You try doing it and see how easy it is.
It ain't easy, right?
But that's why we developed
this procedure where if you go, rather than going cold turkey and say, well, today I'm going to have
a big, I'm going to eat as much as I can. And then tomorrow, okay, you can go the more I can.
It's the second, third days when you start to really know what the hell is going on. And believe
me, I've tried it. It ain't easy. That's why we developed a zero-carb diet for 14 days, 10 to 14 days.
Just zero.
You eat meat, fish, chicken, whatever you want.
But just don't eat any bread, pasta, this kind of thing.
On keto, how do we get into that sort of ketosis state that people often talk about?
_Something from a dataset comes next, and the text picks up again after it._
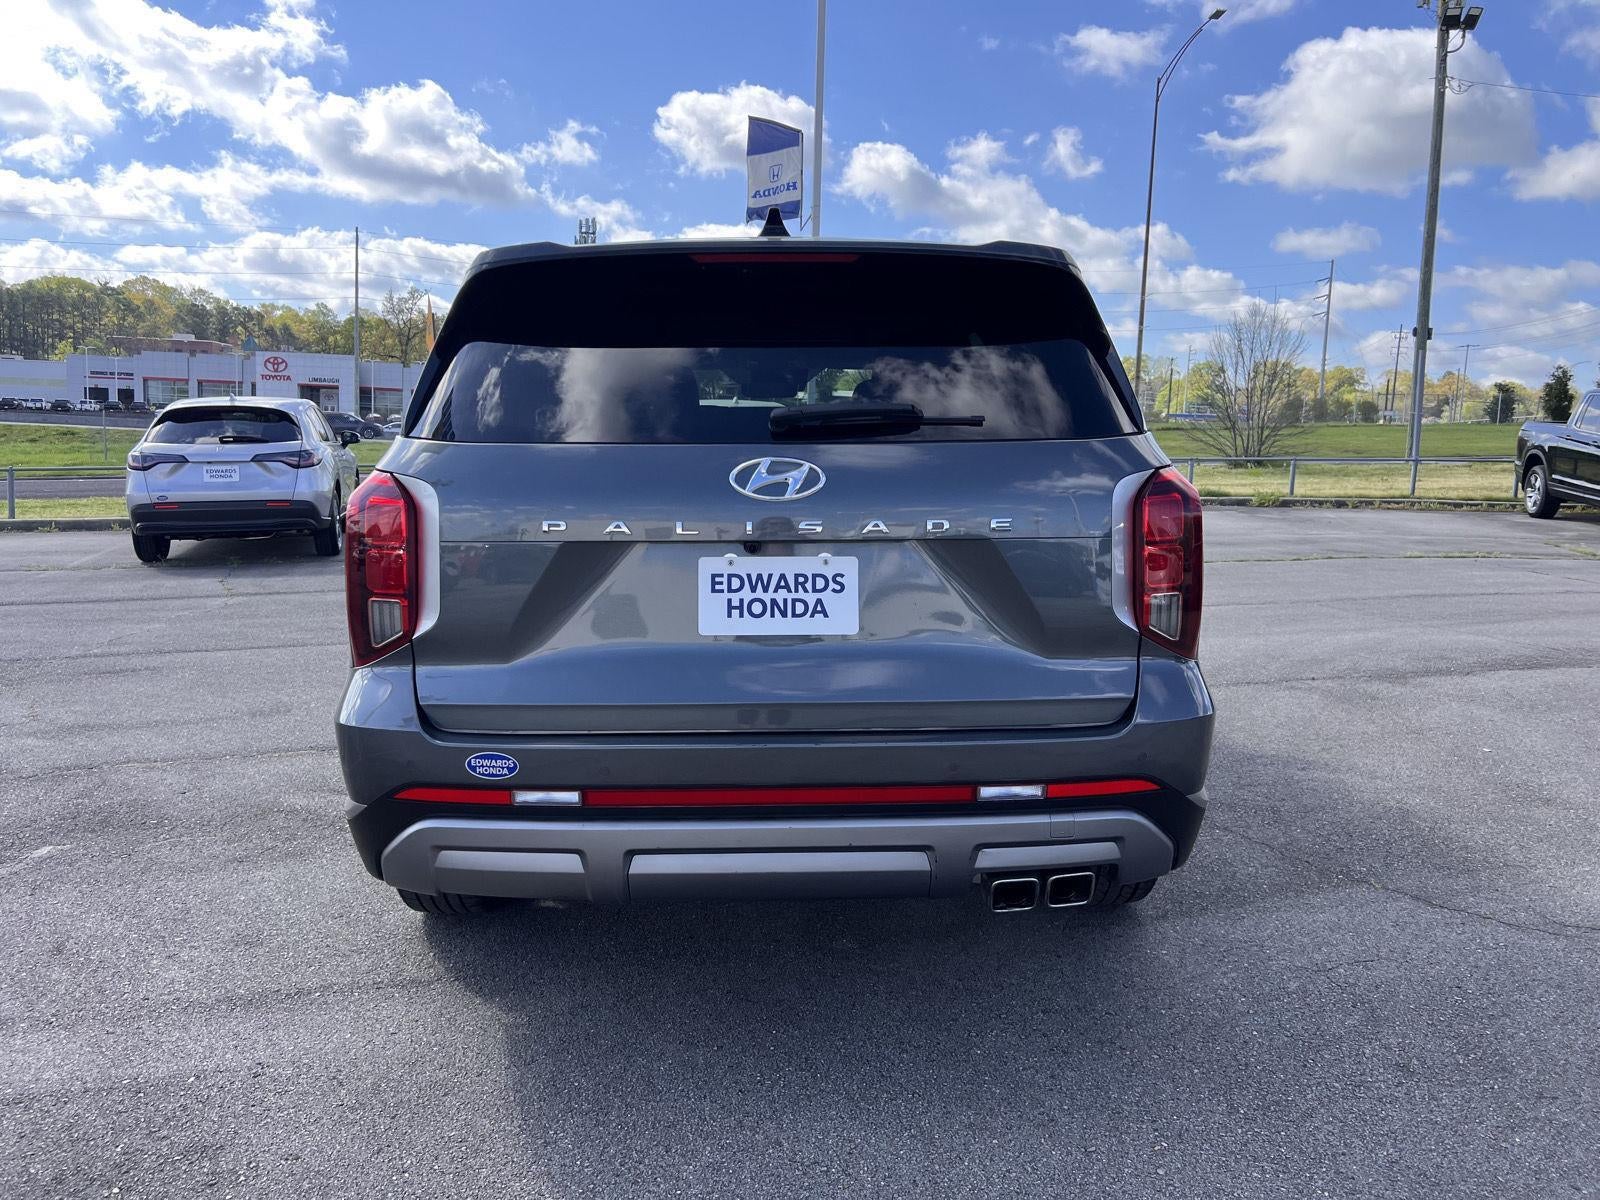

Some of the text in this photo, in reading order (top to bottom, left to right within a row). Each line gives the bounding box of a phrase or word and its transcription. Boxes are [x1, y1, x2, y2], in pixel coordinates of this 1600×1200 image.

Measure your glucose-ketone index.
How do I do that?
With the Keto-Mojo meter.
You can buy it from Amazon.
OK.
OK, you can buy it.
Now, don't forget they get a free Libra meter now for the blood.
They're working on ketone blood meters, but it's not there yet.
Right now, the Keto-Mojo or some other Keto meters where you can prick your finger like a diabetic,
you take a glucose strip and you put it on the blood and you put it into the machine.
It tells you what your glucose is.
Squeeze your finger a little bit more, take the ketone strip, touch it to the blood, put it in the machine. It tells you what your glucose is. Squeeze your finger a little bit more, take the ketone strip, touch it to the blood, put it in the meter. It gives you the ketone value.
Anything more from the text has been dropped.